I got told off by a hospital midwife for bleeding on the bed after my son was born! shock

SpaceCowGirl Fri 19-Jun-09 15:48:02

I would definately complain about her. She needs to be told, and to stop her treating someone else like that in the future.
Do it sooner rather than later.

I had an awful HV with DS1, she gave terribly inaccurate advice, and made me feel bad. I really regret not reporting her. (That was 6 years ago).

Most of all, enjoy the rest of your pregnancy.

audreyraines Fri 19-Jun-09 15:55:56

i think you handled it really well yank, well done you. what a horrid horrid incompetent woman.

YanknCock Fri 19-Jun-09 16:07:42

Am thinking it through a bit more, and have come to a few conclusions:

1. I'm happy with my individual result (being switched to another midwife). I'm not sure what complaining about her specifically would accomplish. (though let's face it, I'm sure I've been branded a troublemaker among the midwives already, so not much to lose)

2. I'm not happy that it took my complaining to get this one particular midwife to promise to have a large BP cuff available. It should have been available, and I shouldn't have had to tell her about false high BP readings. How many other patients has she done this to?

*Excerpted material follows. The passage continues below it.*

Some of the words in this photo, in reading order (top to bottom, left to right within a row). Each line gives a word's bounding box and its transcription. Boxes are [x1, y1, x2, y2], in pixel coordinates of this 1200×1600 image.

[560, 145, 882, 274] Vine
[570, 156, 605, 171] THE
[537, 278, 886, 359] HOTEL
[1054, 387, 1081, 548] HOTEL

Loads of us with bigger arms have experienced similar problems (stories on other threads), despite the fact that the NHS has a standard which says arms of a certain size should always have the large cuff. If this were a new standard, maybe I could see it being problematic in early days of implementation. But it's not a new thing at all. The British Hypertensive Society's guidance on this (which the NHS uses) was published five years ago. Research is available going back 20 years that shows wrong cuff size leads to false high BP readings. There's really no excuse for it not being in place anywhere in the NHS. Particularly not in a midwifery service when such a huge deal is made out of having a high BMI in pregnancy---if they're using BMI as a trigger for all sorts of tests and interventions, you'd think the least they could do would be to gather accurate clinical data on something as basic as BP!

So am thinking maybe the thing to do would be to write to the Trust, describe the situation with the BP cuff, and ask for assurance that all midwifery services within the trust have the large cuffs available and are reminded of the standard. And I'd send a copy of the British Hypertensive Society Guidelines and a printout of their own NHS Clinical Knowledge Summary to back it up.

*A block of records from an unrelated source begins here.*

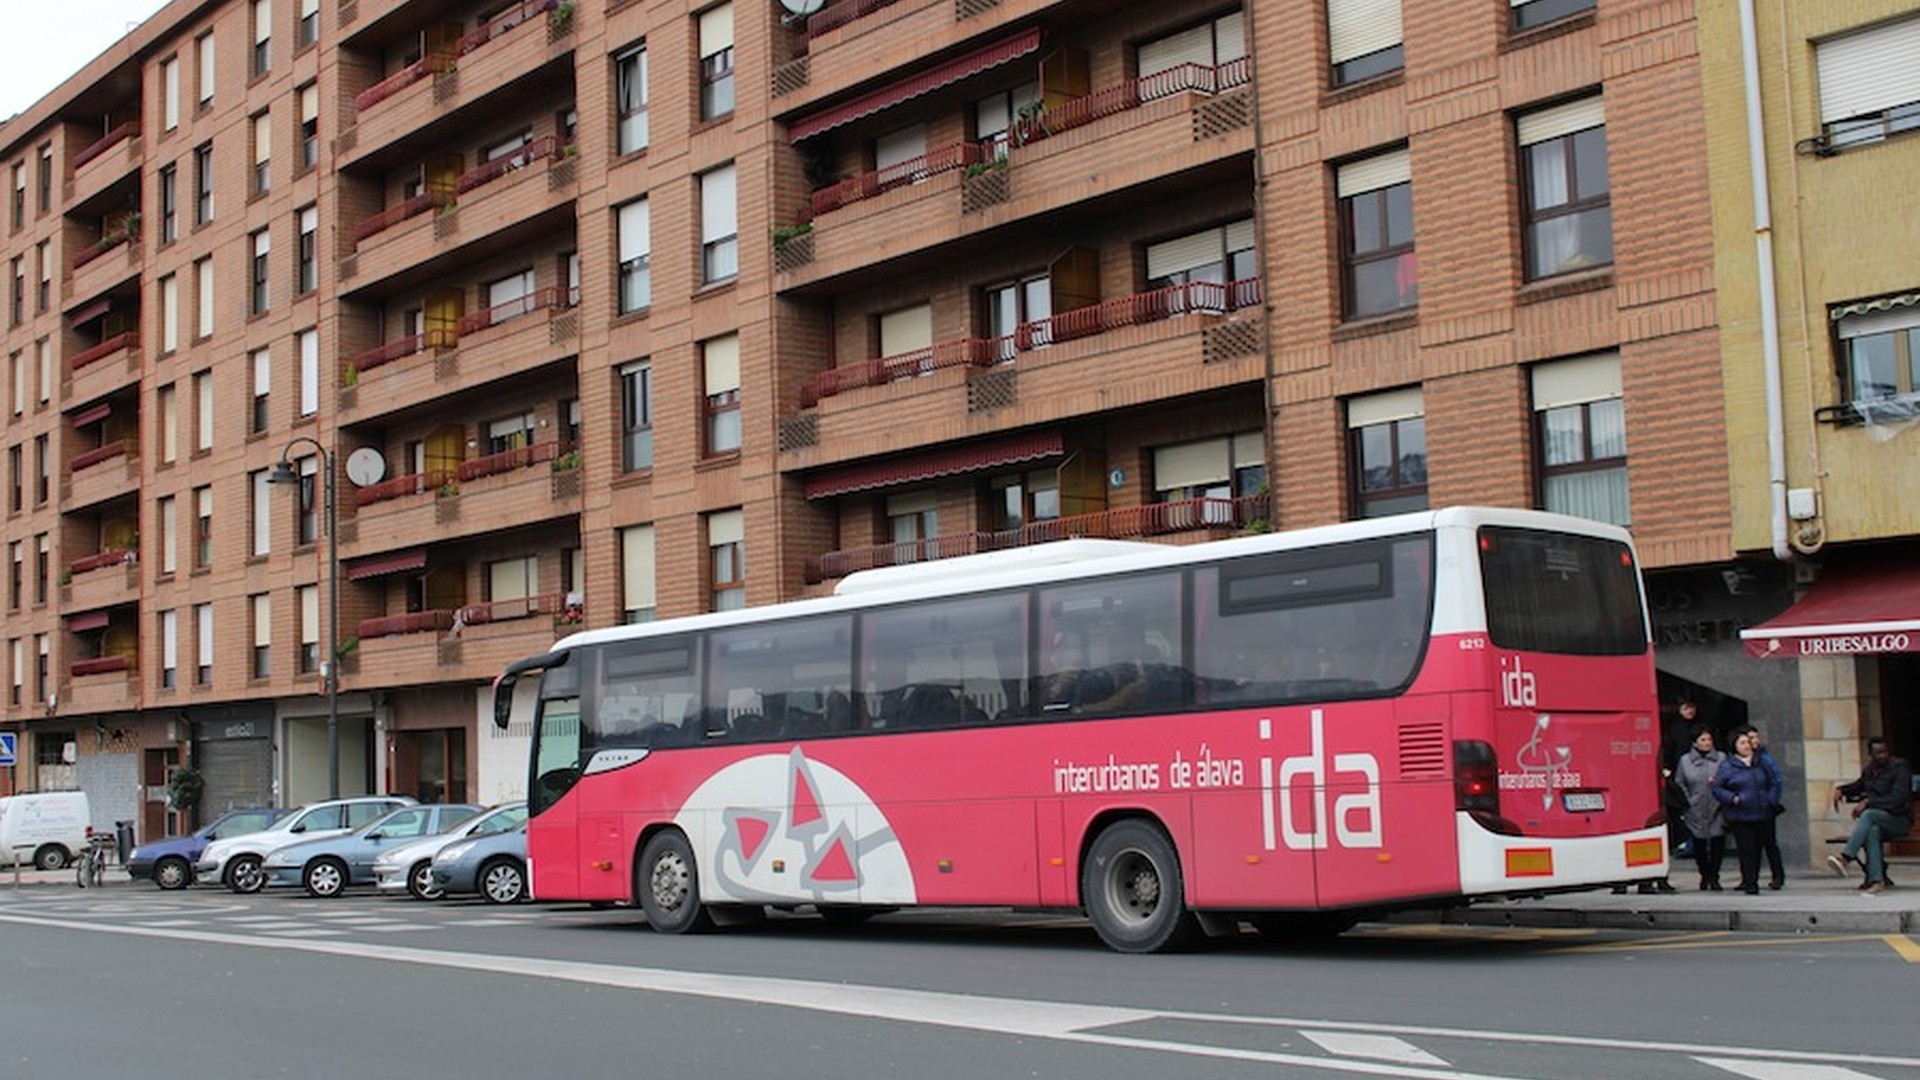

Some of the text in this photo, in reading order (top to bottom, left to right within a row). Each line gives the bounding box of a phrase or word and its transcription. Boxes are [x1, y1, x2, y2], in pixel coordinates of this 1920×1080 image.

[1459, 638, 1484, 649] 6212
[1801, 634, 1909, 654] URIBESALGO
[1501, 655, 1536, 707] ida
[1054, 743, 1244, 793] interurbanos de álava
[1259, 709, 1383, 850] ida

Thoughts on this appreciated...

Hawkmoth Fri 19-Jun-09 17:48:25

I thought they assumed that all us high-BMI-ers were predestined to get high BP no matter what... so why waste resources getting us appropriate cuffs???? angry

To be fair, I have seen one MW who said before she took the reading, "we need a big cuff, this will read high"... it did, and she went of hunting for a normal one which came back as perfect.

I had a MW who said "I rang the hospital lab" and "I rang the national blood service" and then tried to fob me off when I asked which one she ACTUALLY rang. Why do they take it so personally when you question them?

Oooh... just remembered. When I was stuck in a children's ward with DD who was jaundiced, they sent a nasty MW over to try to force me to FF her. She had a massive go at me, then asked to check my stitches. I refused, and she wrote "Query need for psychiatric assessment" in my notes!!!!